> [Prompt] Every line below needs to be returned exactly as written.

### Input data ###

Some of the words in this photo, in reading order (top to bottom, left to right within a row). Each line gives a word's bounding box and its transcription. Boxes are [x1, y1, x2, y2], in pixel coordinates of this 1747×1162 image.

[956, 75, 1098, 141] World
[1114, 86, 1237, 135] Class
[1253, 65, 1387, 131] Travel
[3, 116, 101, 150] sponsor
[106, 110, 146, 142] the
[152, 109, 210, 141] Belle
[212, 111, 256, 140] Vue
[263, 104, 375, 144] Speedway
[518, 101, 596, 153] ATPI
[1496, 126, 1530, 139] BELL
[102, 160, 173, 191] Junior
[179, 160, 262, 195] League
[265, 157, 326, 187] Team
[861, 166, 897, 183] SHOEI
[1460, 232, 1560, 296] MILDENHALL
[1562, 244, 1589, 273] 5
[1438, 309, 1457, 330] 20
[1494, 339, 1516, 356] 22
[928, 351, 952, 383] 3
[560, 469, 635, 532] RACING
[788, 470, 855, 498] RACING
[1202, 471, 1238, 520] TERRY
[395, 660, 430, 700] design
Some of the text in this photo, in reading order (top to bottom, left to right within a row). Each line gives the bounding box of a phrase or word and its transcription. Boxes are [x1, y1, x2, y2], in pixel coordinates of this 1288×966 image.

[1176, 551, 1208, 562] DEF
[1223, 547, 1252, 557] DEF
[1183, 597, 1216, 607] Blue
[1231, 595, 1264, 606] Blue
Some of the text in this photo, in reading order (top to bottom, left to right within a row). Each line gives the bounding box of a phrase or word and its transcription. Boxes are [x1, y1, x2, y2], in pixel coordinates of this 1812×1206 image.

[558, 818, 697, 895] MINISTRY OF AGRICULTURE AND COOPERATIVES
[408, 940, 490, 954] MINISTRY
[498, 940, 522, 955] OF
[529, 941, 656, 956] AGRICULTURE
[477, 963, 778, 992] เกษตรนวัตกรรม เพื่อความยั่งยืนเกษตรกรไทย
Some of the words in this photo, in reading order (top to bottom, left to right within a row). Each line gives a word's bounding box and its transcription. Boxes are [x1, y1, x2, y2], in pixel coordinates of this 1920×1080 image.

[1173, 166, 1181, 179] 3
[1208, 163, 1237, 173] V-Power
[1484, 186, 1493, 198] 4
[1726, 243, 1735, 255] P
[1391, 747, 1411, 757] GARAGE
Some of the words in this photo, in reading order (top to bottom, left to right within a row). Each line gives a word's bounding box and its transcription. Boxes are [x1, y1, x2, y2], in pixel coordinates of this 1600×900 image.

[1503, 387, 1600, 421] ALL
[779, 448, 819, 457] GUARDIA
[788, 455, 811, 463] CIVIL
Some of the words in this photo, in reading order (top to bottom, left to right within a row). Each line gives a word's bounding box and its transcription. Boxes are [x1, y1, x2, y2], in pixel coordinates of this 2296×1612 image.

###

> [Solution below]
Some of the words in this photo, in reading order (top to bottom, left to right within a row). Each line gives a word's bounding box and its transcription. Boxes are [x1, y1, x2, y2], in pixel coordinates of this 1747×1162 image.

[956, 75, 1098, 141] World
[1114, 86, 1237, 135] Class
[1253, 65, 1387, 131] Travel
[3, 116, 101, 150] sponsor
[106, 110, 146, 142] the
[152, 109, 210, 141] Belle
[212, 111, 256, 140] Vue
[263, 104, 375, 144] Speedway
[518, 101, 596, 153] ATPI
[1496, 126, 1530, 139] BELL
[102, 160, 173, 191] Junior
[179, 160, 262, 195] League
[265, 157, 326, 187] Team
[861, 166, 897, 183] SHOEI
[1460, 232, 1560, 296] MILDENHALL
[1562, 244, 1589, 273] 5
[1438, 309, 1457, 330] 20
[1494, 339, 1516, 356] 22
[928, 351, 952, 383] 3
[560, 469, 635, 532] RACING
[788, 470, 855, 498] RACING
[1202, 471, 1238, 520] TERRY
[395, 660, 430, 700] design
Some of the text in this photo, in reading order (top to bottom, left to right within a row). Each line gives the bounding box of a phrase or word and its transcription. Boxes are [x1, y1, x2, y2], in pixel coordinates of this 1288×966 image.

[1176, 551, 1208, 562] DEF
[1223, 547, 1252, 557] DEF
[1183, 597, 1216, 607] Blue
[1231, 595, 1264, 606] Blue
Some of the text in this photo, in reading order (top to bottom, left to right within a row). Each line gives the bounding box of a phrase or word and its transcription. Boxes are [x1, y1, x2, y2], in pixel coordinates of this 1812×1206 image.

[558, 818, 697, 895] MINISTRY OF AGRICULTURE AND COOPERATIVES
[408, 940, 490, 954] MINISTRY
[498, 940, 522, 955] OF
[529, 941, 656, 956] AGRICULTURE
[477, 963, 778, 992] เกษตรนวัตกรรม เพื่อความยั่งยืนเกษตรกรไทย
Some of the words in this photo, in reading order (top to bottom, left to right within a row). Each line gives a word's bounding box and its transcription. Boxes are [x1, y1, x2, y2], in pixel coordinates of this 1920×1080 image.

[1173, 166, 1181, 179] 3
[1208, 163, 1237, 173] V-Power
[1484, 186, 1493, 198] 4
[1726, 243, 1735, 255] P
[1391, 747, 1411, 757] GARAGE
Some of the words in this photo, in reading order (top to bottom, left to right within a row). Each line gives a word's bounding box and its transcription. Boxes are [x1, y1, x2, y2], in pixel coordinates of this 1600×900 image.

[1503, 387, 1600, 421] ALL
[779, 448, 819, 457] GUARDIA
[788, 455, 811, 463] CIVIL
Some of the words in this photo, in reading order (top to bottom, left to right within a row). Each line gives a word's bounding box and its transcription. Boxes are [x1, y1, x2, y2], in pixel coordinates of this 2296×1612 image.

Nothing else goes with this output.